Re: Rethinking MemoryContext creation

From: Tom Lane <tgl(at)sss(dot)pgh(dot)pa(dot)us>
To: Robert Haas <robertmhaas(at)gmail(dot)com>
Cc: Andres Freund <andres(at)anarazel(dot)de>, Tomas Vondra <tomas(dot)vondra(at)2ndquadrant(dot)com>, pgsql-hackers(at)lists(dot)postgresql(dot)org
Subject: Re: Rethinking MemoryContext creation
Date: 2017-12-13 02:05:00
Message-ID: 324.1513130700@sss.pgh.pa.us
Views: Raw Message | Whole Thread | Download mbox | Resend email
Thread:
Lists: pgsql-hackers

I wrote:
> Andres Freund <andres(at)anarazel(dot)de> writes:
>> On 2017-12-12 14:50:37 -0500, Robert Haas wrote:
>>> Another idea I have is that perhaps we could arrange to reuse contexts
>>> instead of destroying them and recreating them.

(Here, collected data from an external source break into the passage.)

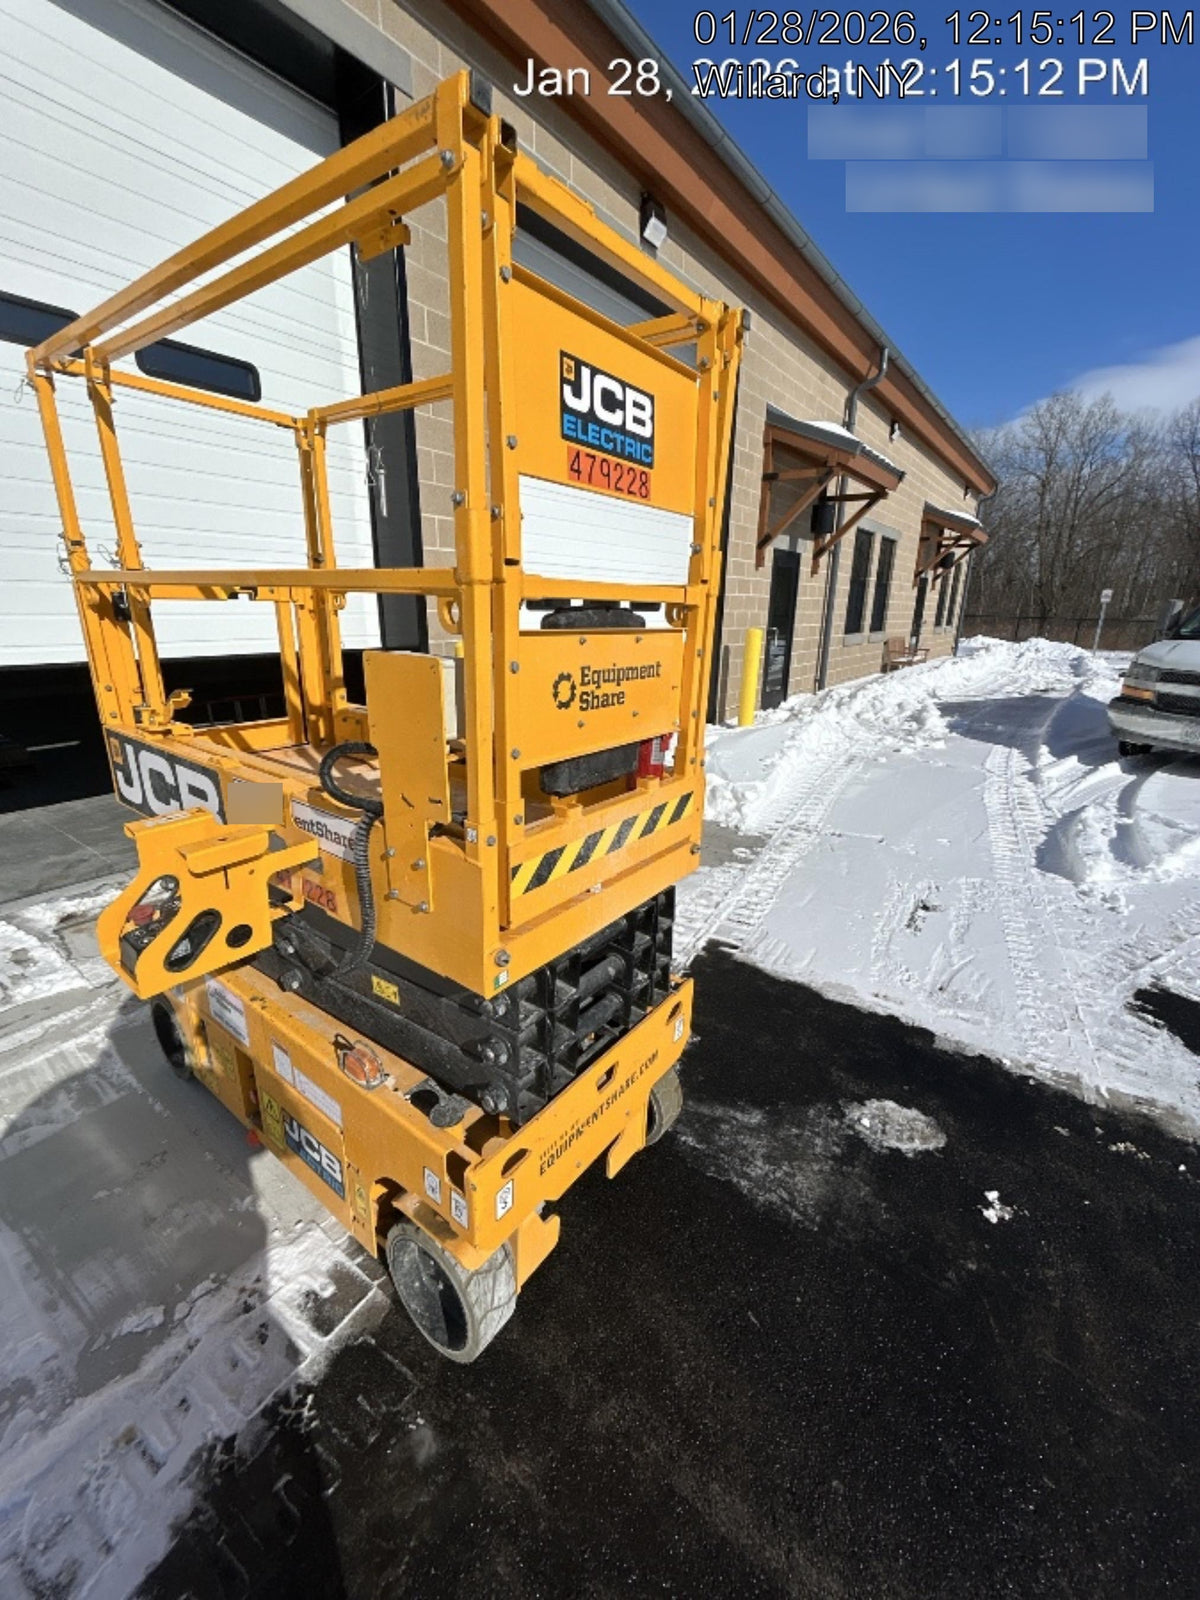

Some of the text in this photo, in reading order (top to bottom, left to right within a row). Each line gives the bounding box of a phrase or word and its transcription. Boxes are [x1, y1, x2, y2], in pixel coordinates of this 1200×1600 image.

[563, 365, 653, 438] JCB
[563, 413, 653, 464] ELECTRIC
[569, 450, 650, 500] 479228
[580, 660, 662, 690] Equipment
[579, 690, 626, 713] Share
[284, 1118, 343, 1184] JCB

>> I'm a bit doubtful that's going to help, maintaining that list isn't
>> going to be free, and the lifetime and number of those contexts aren't
>> always going to match up.

> Actually, this seems like a really promising idea to me. To the extent
> that an empty context has standard parameters, they're all
> interchangeable, so you could imagine that AllocSetDelete shoves it
> onto a freelist after resetting it, instead of just giving it back to
> libc. I'm slightly worried about creating allocation islands that
> way, but that problem is probably surmountable, if it's real at all.

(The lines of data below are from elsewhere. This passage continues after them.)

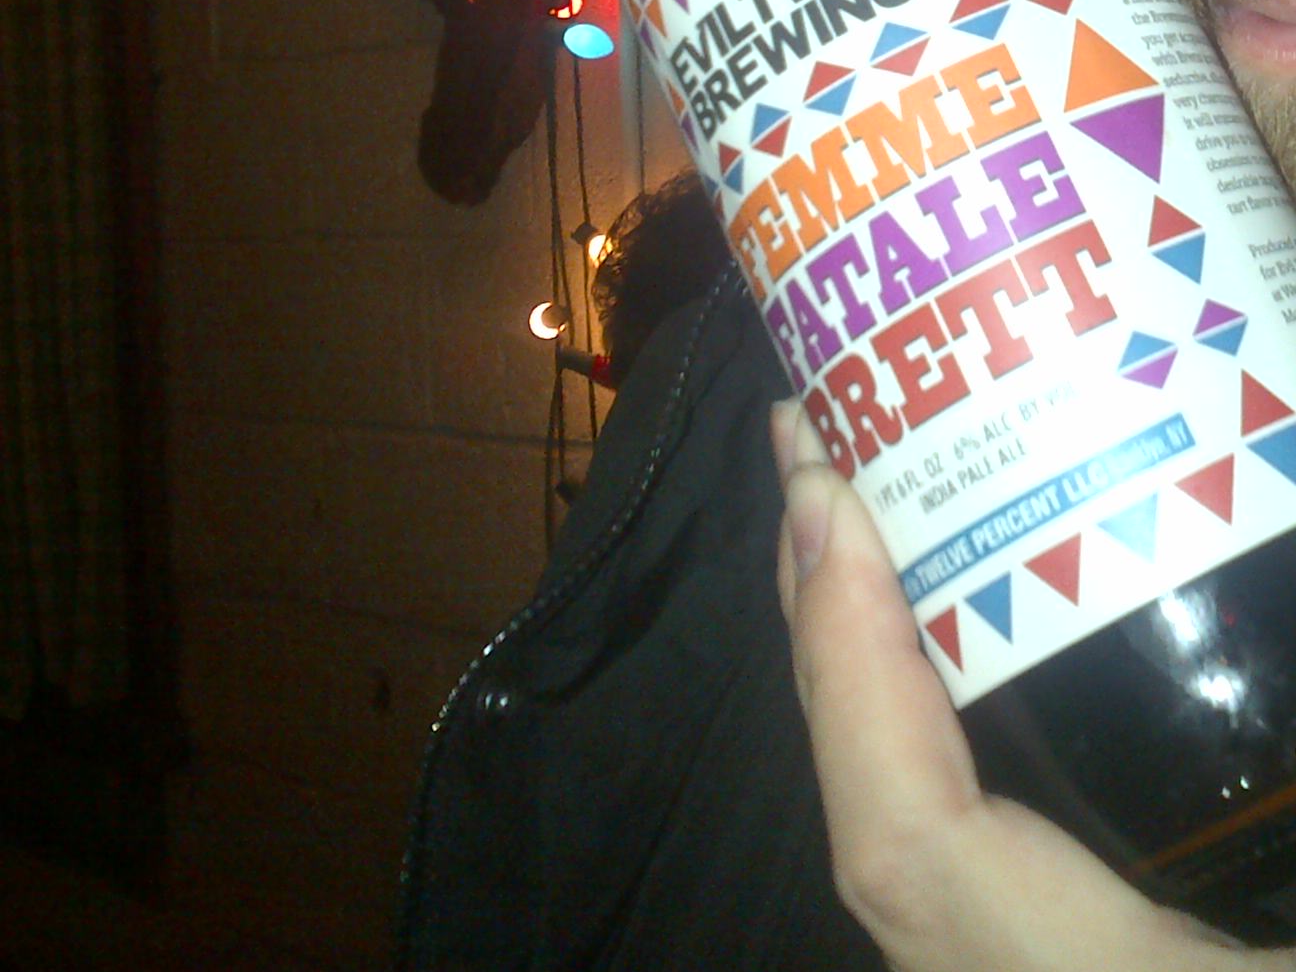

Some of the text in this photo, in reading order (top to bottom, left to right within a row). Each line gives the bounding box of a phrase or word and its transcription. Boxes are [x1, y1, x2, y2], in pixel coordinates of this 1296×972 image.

[670, 1, 757, 94] EVIL
[728, 43, 1042, 300] FEMME
[765, 130, 1086, 393] FATALE
[803, 219, 1118, 481] BRETT
[915, 537, 974, 590] TWELVE
[972, 483, 1063, 554] PERCENT

> However, that seems like a different patch from what I'm working on
> here.

Oh, wait a minute. If we think of going that direction, then actually
what I did in v3 is counterproductive: we're better off making contexts
as much alike as possible, so that they can be recycled more easily.
So the attached goes back to v2's design where all aset.c contexts
are allocated together with their keeper block, and instead provides
context freelists more or less per Robert's suggestion. This proves
to be a bit faster than v3 on all cases I tried, and is likely to be
considerably better on cases that don't match v3's expectations about
which contexts will do what.

The details of the freelist management are ripe for bikeshedding, no doubt.
I set it up so that there are separate freelists for "default" and "small"
contexts, and we allow up to 100 contexts per freelist (so max space
wastage of less than 1MB). If a freelist gets too full, we simply release
everything in it back to libc, then add the context we were about to add.
The thought here is that a query that made 101 transient contexts probably
did not stop at 102; more likely, a bunch of additional deletions are
coming, so there's no value in sweating over exactly which contexts to
keep. Flushing all the previously-deleted contexts should help to reduce
the process memory map in the typical case where a lot of contexts get
released in roughly reverse order of allocation. There might be a better
way to do that --- I toyed with trying to release contexts with higher
memory addresses, for example. But I'm not sure it's worth spending a
lot of time on, unless someone can show a pathological case for this way.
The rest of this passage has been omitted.